__Records drawn from a dataset__.
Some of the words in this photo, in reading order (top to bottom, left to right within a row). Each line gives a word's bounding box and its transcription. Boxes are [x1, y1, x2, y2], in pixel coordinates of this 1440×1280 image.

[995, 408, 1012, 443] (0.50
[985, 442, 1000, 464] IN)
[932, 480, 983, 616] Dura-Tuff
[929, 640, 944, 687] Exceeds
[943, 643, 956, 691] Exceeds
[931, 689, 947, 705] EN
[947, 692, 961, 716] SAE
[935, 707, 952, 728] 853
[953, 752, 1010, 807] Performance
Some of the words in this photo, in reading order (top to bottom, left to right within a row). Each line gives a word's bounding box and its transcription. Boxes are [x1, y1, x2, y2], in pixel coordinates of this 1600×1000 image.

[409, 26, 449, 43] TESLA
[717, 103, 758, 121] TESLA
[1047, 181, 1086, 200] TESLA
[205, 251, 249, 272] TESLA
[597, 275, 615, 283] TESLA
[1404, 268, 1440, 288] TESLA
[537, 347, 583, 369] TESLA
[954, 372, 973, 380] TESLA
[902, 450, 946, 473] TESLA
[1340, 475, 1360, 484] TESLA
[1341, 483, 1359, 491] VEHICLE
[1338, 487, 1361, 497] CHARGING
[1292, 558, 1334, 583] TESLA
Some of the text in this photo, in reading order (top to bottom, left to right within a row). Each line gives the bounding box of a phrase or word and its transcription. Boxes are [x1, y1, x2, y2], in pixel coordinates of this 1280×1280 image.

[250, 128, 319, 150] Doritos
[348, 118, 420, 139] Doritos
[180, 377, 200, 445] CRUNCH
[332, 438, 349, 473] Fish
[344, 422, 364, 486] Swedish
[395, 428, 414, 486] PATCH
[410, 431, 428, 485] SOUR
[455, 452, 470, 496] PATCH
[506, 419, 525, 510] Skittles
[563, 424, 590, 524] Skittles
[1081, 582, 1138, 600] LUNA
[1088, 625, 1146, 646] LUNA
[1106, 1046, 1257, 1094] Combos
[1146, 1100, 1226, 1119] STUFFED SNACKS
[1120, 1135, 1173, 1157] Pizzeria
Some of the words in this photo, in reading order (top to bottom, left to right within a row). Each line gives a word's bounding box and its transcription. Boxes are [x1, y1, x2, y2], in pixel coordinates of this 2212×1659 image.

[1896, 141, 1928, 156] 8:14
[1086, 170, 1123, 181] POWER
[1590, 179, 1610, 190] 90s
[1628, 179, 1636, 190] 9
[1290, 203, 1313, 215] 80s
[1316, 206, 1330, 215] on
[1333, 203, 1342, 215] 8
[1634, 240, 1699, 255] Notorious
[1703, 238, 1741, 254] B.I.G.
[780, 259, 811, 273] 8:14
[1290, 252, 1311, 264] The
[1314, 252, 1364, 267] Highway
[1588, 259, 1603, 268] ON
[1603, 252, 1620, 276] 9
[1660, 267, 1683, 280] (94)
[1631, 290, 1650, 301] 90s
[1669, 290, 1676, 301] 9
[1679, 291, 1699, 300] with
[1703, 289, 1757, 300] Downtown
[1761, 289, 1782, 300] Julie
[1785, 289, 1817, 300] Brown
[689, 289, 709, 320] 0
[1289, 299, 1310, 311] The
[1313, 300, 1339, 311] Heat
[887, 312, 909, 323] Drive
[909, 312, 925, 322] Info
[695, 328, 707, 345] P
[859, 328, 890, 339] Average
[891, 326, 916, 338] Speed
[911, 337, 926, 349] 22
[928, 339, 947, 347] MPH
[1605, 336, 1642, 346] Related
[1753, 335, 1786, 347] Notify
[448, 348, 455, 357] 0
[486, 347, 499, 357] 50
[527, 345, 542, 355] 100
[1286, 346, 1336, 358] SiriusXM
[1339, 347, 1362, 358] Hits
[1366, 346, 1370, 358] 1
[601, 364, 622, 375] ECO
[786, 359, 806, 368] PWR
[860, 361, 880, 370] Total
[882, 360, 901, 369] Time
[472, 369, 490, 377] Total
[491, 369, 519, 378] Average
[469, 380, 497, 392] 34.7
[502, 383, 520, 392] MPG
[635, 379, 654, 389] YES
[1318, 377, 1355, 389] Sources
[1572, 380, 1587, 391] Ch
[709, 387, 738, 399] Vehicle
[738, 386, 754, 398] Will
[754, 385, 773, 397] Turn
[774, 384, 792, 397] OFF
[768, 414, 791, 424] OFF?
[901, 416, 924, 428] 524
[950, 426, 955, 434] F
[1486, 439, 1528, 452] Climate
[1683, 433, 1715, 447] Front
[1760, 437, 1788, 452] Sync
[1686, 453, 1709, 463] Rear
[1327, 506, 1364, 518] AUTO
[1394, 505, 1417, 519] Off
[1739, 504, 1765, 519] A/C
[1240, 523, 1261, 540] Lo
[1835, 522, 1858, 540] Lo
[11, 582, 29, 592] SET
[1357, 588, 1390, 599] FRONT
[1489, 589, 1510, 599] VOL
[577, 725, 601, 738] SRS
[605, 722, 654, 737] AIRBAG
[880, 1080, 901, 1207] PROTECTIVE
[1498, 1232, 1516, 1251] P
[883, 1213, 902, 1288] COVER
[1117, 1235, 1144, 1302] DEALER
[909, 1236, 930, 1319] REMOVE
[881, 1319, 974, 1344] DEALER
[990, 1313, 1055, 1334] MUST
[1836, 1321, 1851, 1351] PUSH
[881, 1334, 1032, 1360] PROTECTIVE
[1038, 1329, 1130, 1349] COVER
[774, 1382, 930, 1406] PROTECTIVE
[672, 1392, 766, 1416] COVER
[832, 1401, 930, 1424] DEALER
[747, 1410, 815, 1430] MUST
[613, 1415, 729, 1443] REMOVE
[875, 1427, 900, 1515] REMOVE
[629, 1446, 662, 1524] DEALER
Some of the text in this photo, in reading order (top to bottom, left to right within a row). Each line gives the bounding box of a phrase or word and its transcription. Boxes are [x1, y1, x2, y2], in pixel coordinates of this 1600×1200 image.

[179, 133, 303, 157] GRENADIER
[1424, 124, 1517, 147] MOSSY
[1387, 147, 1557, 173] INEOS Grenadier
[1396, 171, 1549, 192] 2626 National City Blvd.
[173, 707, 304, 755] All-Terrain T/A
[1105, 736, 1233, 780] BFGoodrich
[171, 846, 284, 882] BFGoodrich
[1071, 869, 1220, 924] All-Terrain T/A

__WHAT YOU ARE ASKED TO DO__. The reply should contain all of the entries exactly as shown above.

__OUTPUT__.
Some of the words in this photo, in reading order (top to bottom, left to right within a row). Each line gives a word's bounding box and its transcription. Boxes are [x1, y1, x2, y2], in pixel coordinates of this 1440×1280 image.

[995, 408, 1012, 443] (0.50
[985, 442, 1000, 464] IN)
[932, 480, 983, 616] Dura-Tuff
[929, 640, 944, 687] Exceeds
[943, 643, 956, 691] Exceeds
[931, 689, 947, 705] EN
[947, 692, 961, 716] SAE
[935, 707, 952, 728] 853
[953, 752, 1010, 807] Performance
Some of the words in this photo, in reading order (top to bottom, left to right within a row). Each line gives a word's bounding box and its transcription. Boxes are [x1, y1, x2, y2], in pixel coordinates of this 1600×1000 image.

[409, 26, 449, 43] TESLA
[717, 103, 758, 121] TESLA
[1047, 181, 1086, 200] TESLA
[205, 251, 249, 272] TESLA
[597, 275, 615, 283] TESLA
[1404, 268, 1440, 288] TESLA
[537, 347, 583, 369] TESLA
[954, 372, 973, 380] TESLA
[902, 450, 946, 473] TESLA
[1340, 475, 1360, 484] TESLA
[1341, 483, 1359, 491] VEHICLE
[1338, 487, 1361, 497] CHARGING
[1292, 558, 1334, 583] TESLA
Some of the text in this photo, in reading order (top to bottom, left to right within a row). Each line gives the bounding box of a phrase or word and its transcription. Boxes are [x1, y1, x2, y2], in pixel coordinates of this 1280×1280 image.

[250, 128, 319, 150] Doritos
[348, 118, 420, 139] Doritos
[180, 377, 200, 445] CRUNCH
[332, 438, 349, 473] Fish
[344, 422, 364, 486] Swedish
[395, 428, 414, 486] PATCH
[410, 431, 428, 485] SOUR
[455, 452, 470, 496] PATCH
[506, 419, 525, 510] Skittles
[563, 424, 590, 524] Skittles
[1081, 582, 1138, 600] LUNA
[1088, 625, 1146, 646] LUNA
[1106, 1046, 1257, 1094] Combos
[1146, 1100, 1226, 1119] STUFFED SNACKS
[1120, 1135, 1173, 1157] Pizzeria
Some of the words in this photo, in reading order (top to bottom, left to right within a row). Each line gives a word's bounding box and its transcription. Boxes are [x1, y1, x2, y2], in pixel coordinates of this 2212×1659 image.

[1896, 141, 1928, 156] 8:14
[1086, 170, 1123, 181] POWER
[1590, 179, 1610, 190] 90s
[1628, 179, 1636, 190] 9
[1290, 203, 1313, 215] 80s
[1316, 206, 1330, 215] on
[1333, 203, 1342, 215] 8
[1634, 240, 1699, 255] Notorious
[1703, 238, 1741, 254] B.I.G.
[780, 259, 811, 273] 8:14
[1290, 252, 1311, 264] The
[1314, 252, 1364, 267] Highway
[1588, 259, 1603, 268] ON
[1603, 252, 1620, 276] 9
[1660, 267, 1683, 280] (94)
[1631, 290, 1650, 301] 90s
[1669, 290, 1676, 301] 9
[1679, 291, 1699, 300] with
[1703, 289, 1757, 300] Downtown
[1761, 289, 1782, 300] Julie
[1785, 289, 1817, 300] Brown
[689, 289, 709, 320] 0
[1289, 299, 1310, 311] The
[1313, 300, 1339, 311] Heat
[887, 312, 909, 323] Drive
[909, 312, 925, 322] Info
[695, 328, 707, 345] P
[859, 328, 890, 339] Average
[891, 326, 916, 338] Speed
[911, 337, 926, 349] 22
[928, 339, 947, 347] MPH
[1605, 336, 1642, 346] Related
[1753, 335, 1786, 347] Notify
[448, 348, 455, 357] 0
[486, 347, 499, 357] 50
[527, 345, 542, 355] 100
[1286, 346, 1336, 358] SiriusXM
[1339, 347, 1362, 358] Hits
[1366, 346, 1370, 358] 1
[601, 364, 622, 375] ECO
[786, 359, 806, 368] PWR
[860, 361, 880, 370] Total
[882, 360, 901, 369] Time
[472, 369, 490, 377] Total
[491, 369, 519, 378] Average
[469, 380, 497, 392] 34.7
[502, 383, 520, 392] MPG
[635, 379, 654, 389] YES
[1318, 377, 1355, 389] Sources
[1572, 380, 1587, 391] Ch
[709, 387, 738, 399] Vehicle
[738, 386, 754, 398] Will
[754, 385, 773, 397] Turn
[774, 384, 792, 397] OFF
[768, 414, 791, 424] OFF?
[901, 416, 924, 428] 524
[950, 426, 955, 434] F
[1486, 439, 1528, 452] Climate
[1683, 433, 1715, 447] Front
[1760, 437, 1788, 452] Sync
[1686, 453, 1709, 463] Rear
[1327, 506, 1364, 518] AUTO
[1394, 505, 1417, 519] Off
[1739, 504, 1765, 519] A/C
[1240, 523, 1261, 540] Lo
[1835, 522, 1858, 540] Lo
[11, 582, 29, 592] SET
[1357, 588, 1390, 599] FRONT
[1489, 589, 1510, 599] VOL
[577, 725, 601, 738] SRS
[605, 722, 654, 737] AIRBAG
[880, 1080, 901, 1207] PROTECTIVE
[1498, 1232, 1516, 1251] P
[883, 1213, 902, 1288] COVER
[1117, 1235, 1144, 1302] DEALER
[909, 1236, 930, 1319] REMOVE
[881, 1319, 974, 1344] DEALER
[990, 1313, 1055, 1334] MUST
[1836, 1321, 1851, 1351] PUSH
[881, 1334, 1032, 1360] PROTECTIVE
[1038, 1329, 1130, 1349] COVER
[774, 1382, 930, 1406] PROTECTIVE
[672, 1392, 766, 1416] COVER
[832, 1401, 930, 1424] DEALER
[747, 1410, 815, 1430] MUST
[613, 1415, 729, 1443] REMOVE
[875, 1427, 900, 1515] REMOVE
[629, 1446, 662, 1524] DEALER
Some of the text in this photo, in reading order (top to bottom, left to right within a row). Each line gives the bounding box of a phrase or word and its transcription. Boxes are [x1, y1, x2, y2], in pixel coordinates of this 1600×1200 image.

[179, 133, 303, 157] GRENADIER
[1424, 124, 1517, 147] MOSSY
[1387, 147, 1557, 173] INEOS Grenadier
[1396, 171, 1549, 192] 2626 National City Blvd.
[173, 707, 304, 755] All-Terrain T/A
[1105, 736, 1233, 780] BFGoodrich
[171, 846, 284, 882] BFGoodrich
[1071, 869, 1220, 924] All-Terrain T/A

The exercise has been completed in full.